On the collaboration front, Credit Karma has already partnered with the Houston Rockets and Chime has partnered with the Dallas Mavericks, as well as the guideline distribution deal with Gusto and the Melio distribution deal with Intuit. Though these channels have price leverage and may raise costs over time, they represent the kind of stability and volume in both acquisition costs and acquisition supply that has been generally lacking in digital marketing channels as of late.
Fintech will become more prevalent in emerging markets.
Companies that have historically been the best in class at direct-to-consumer marketing are increasingly looking to business development and partnerships for continuing growth, and we predict this trend to continue far into 2022.
This year has seen a surge in startup activity, record funding, and notable exits in emerging markets.
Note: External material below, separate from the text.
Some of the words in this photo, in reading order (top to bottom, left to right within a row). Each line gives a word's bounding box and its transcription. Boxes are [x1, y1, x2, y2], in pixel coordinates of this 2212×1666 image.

The Nubank IPO, in particular, was a watershed moment for Latin America and fintech globally, signifying a huge exit in Latin America and spawning a new generation of founders. The year 2022 will see increased investment and innovation in financial services throughout emerging nations.
Historically, there has been a lot of B2C fintech in emerging economies, but now we will see more B2B aiding small businesses and enterprise customers with digitizing and optimizing payments, more efficiently paying personnel, sourcing supplies, handling accounting, insuring themselves, and more.
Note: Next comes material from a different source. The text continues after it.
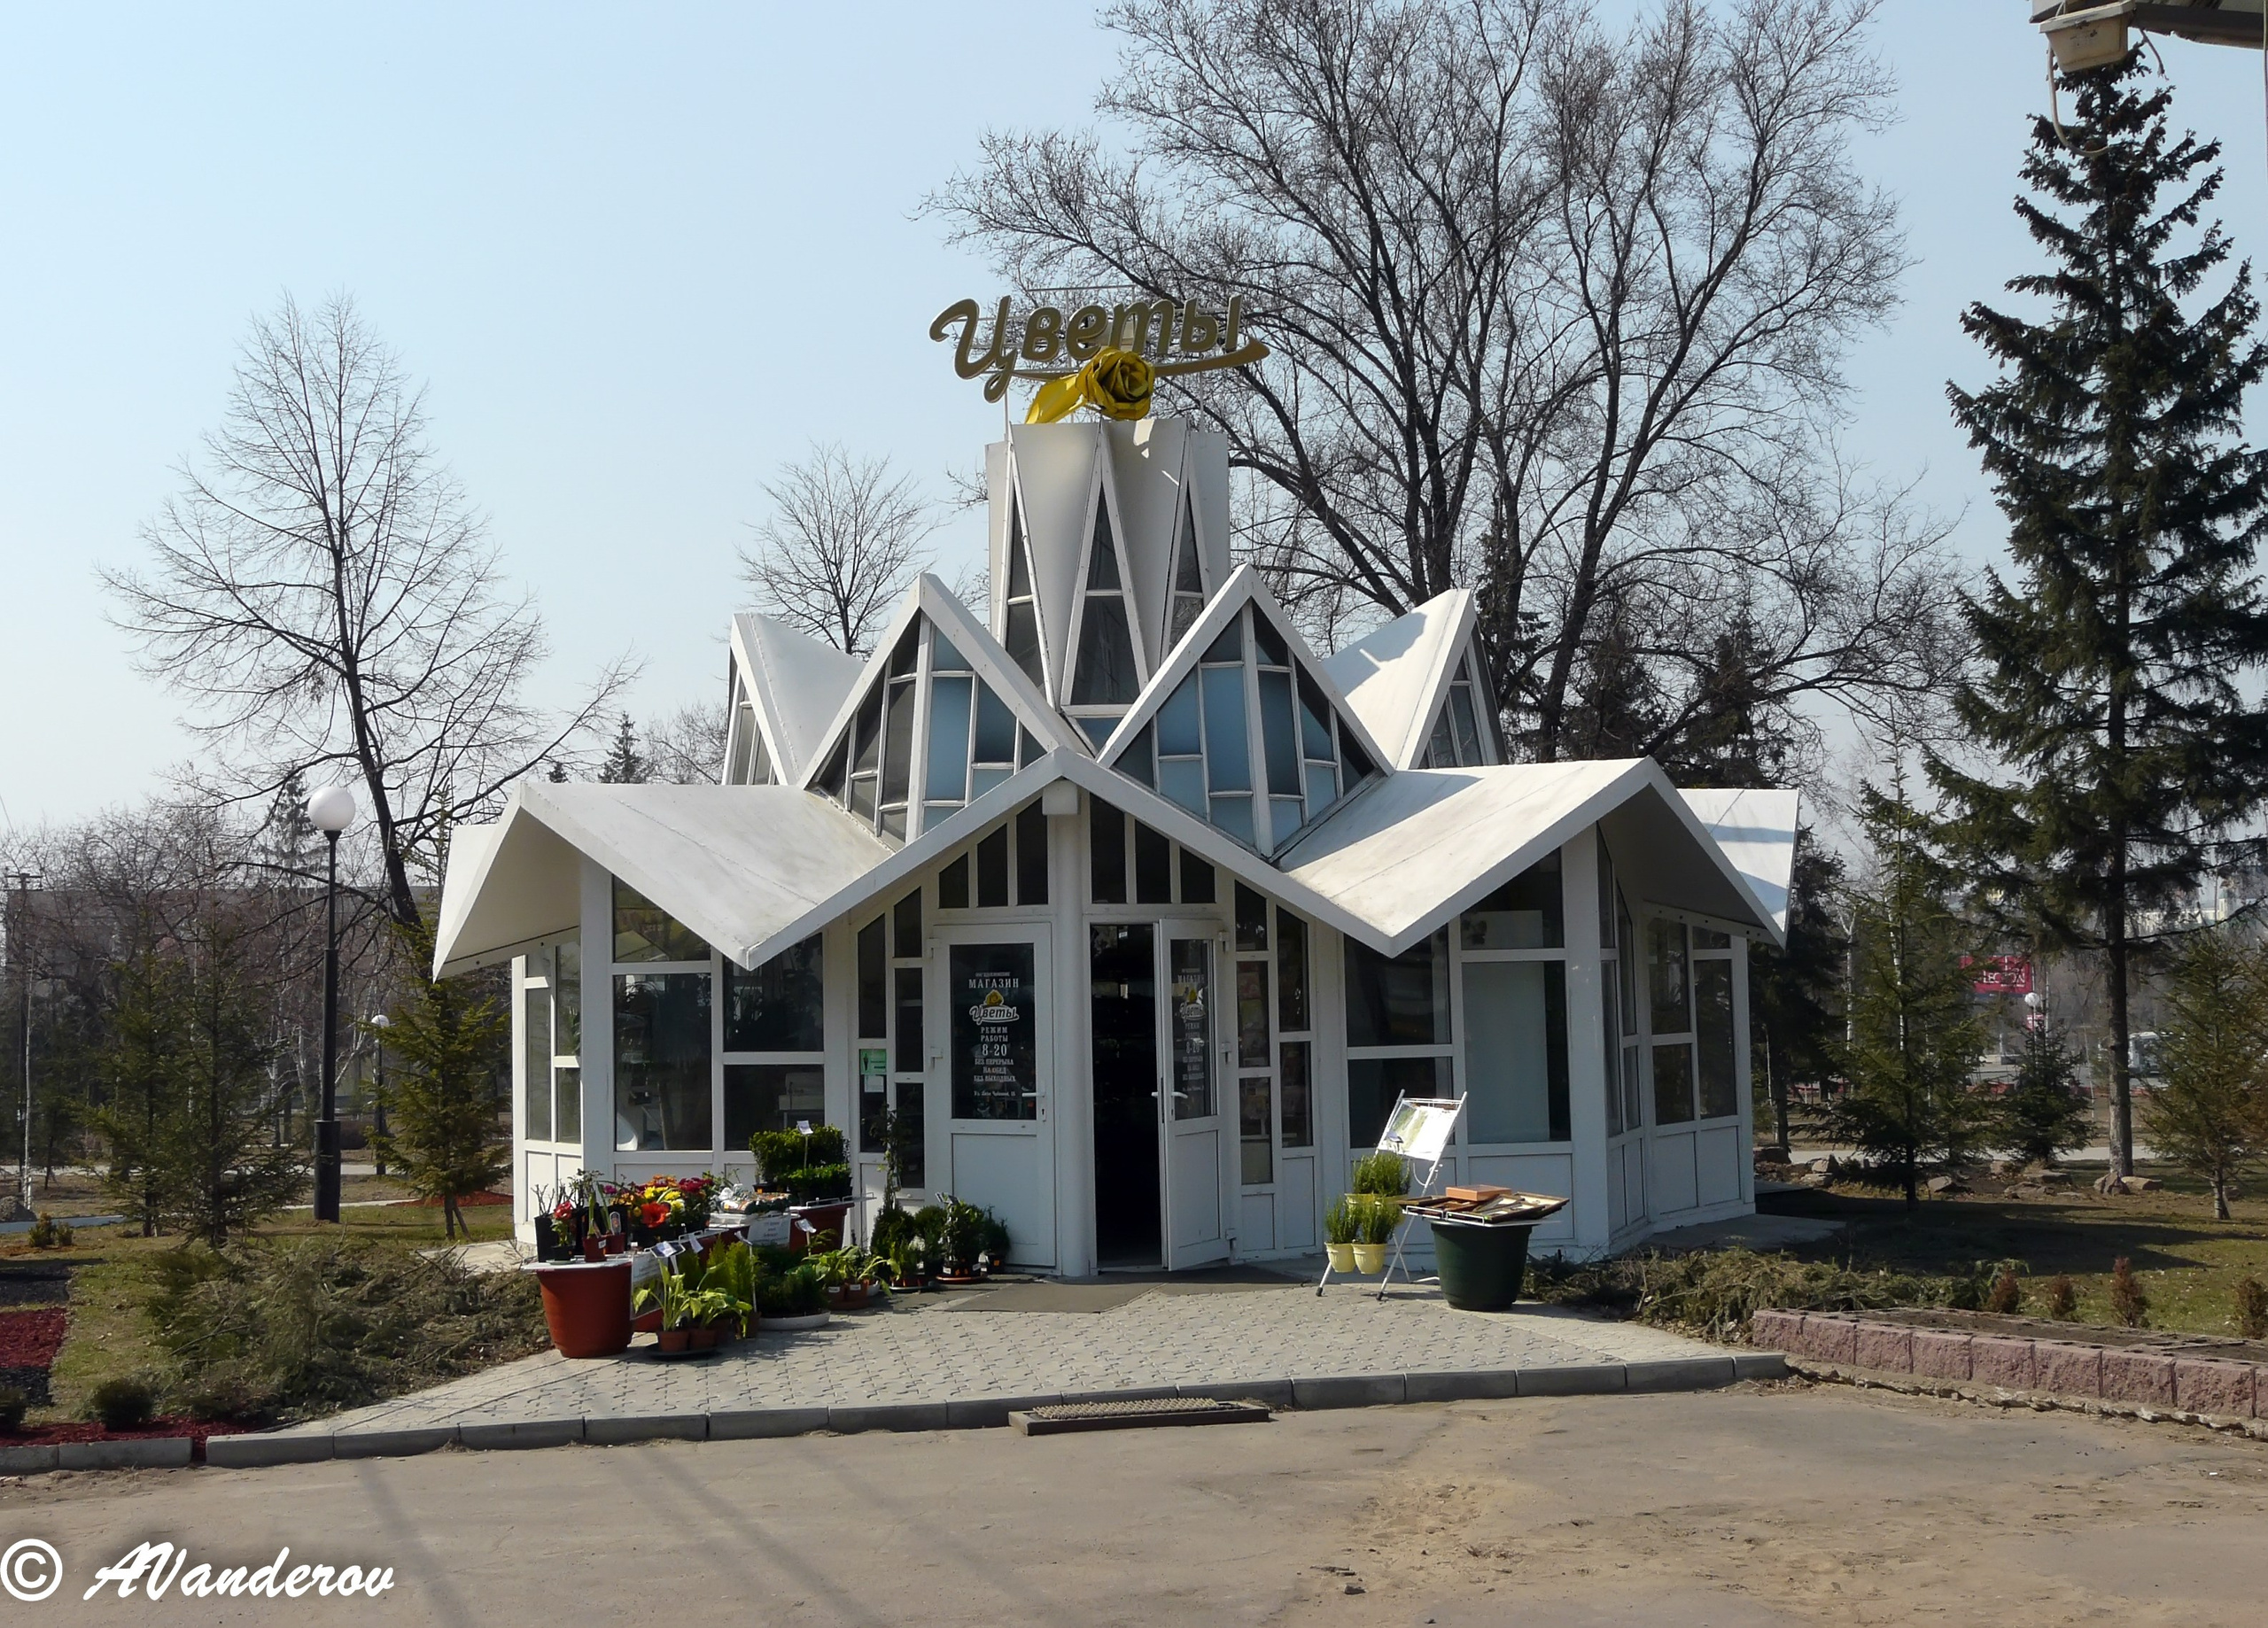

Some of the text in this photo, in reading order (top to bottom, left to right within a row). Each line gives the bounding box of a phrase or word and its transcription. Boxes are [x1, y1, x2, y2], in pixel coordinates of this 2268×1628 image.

[928, 295, 1242, 404] Цветы
[968, 978, 1019, 988] МАГАЗИН
[969, 1005, 1020, 1025] Цветы
[983, 1043, 1006, 1056] 8-20
Moreover, new modern APIs will enable businesses to make payments, access bank account information, issue cards, bridge crypto, and authenticate identification, among other things. Companies will be able to tap into contemporary infrastructure rather than manually building one-off integrations with existing banking systems, allowing them to launch new fintech products at a lower initial cost. There must be sufficient demand to warrant new infrastructure, and we are approaching the point in the ecosystem where this makes sense.
Nevertheless, rather than looking to the United States and Europe for inspiration, developing business models will increasingly look to other emerging markets. There are a variety of business models and feature sets that are more suited to emerging markets based on existing user behavior, regulation, and level of digitization. For example, India and Latin America have seen a number of homegrown B2B marketplaces (with embedded fintech) that do not exist in the United States or Europe, in part because these marketplaces provide small businesses with access to things like credit and logistics, which are often prohibitively expensive and time-consuming to find elsewhere in emerging markets.
We've seen business models such as superapps (both consumer and enterprise-focused) and community buying platforms grow, as well as feature sets for investment apps, such as starting with funds rather than stock trading.
Entrepreneurs in these places are already interconnected, as we can see. We’ve encountered founders in Sao Paulo who are establishing small business accounting infrastructure and getting regular advise from peers in Jakarta over WhatsApp. Entrepreneurs in Lagos are looking for business model ideas for their B2B marketplaces in Karachi. COVID hastened numerous technological developments, but it has also significantly shrunk the world.
The first wave of insurance startups concentrated on bringing previously offline operations online, leaving the majority of the underwriting process intact.
With a prolonged low interest rate environment, carriers have been more willing to test new markets and strategies to find yield. That, combined with a lack of scale in the insurance start-up ecosystem compared to the rest of the market, had many capacity partners treating new entrants as test partners to learn and try to find new profitable strategies. As interest rates rise and markets harden, a renewed focus on underwriting differentiation and profitability will become a priority, potentially driving acquisitions in the gen1 insurtech world as well as new entrants focused on monetizing underwriting advantages.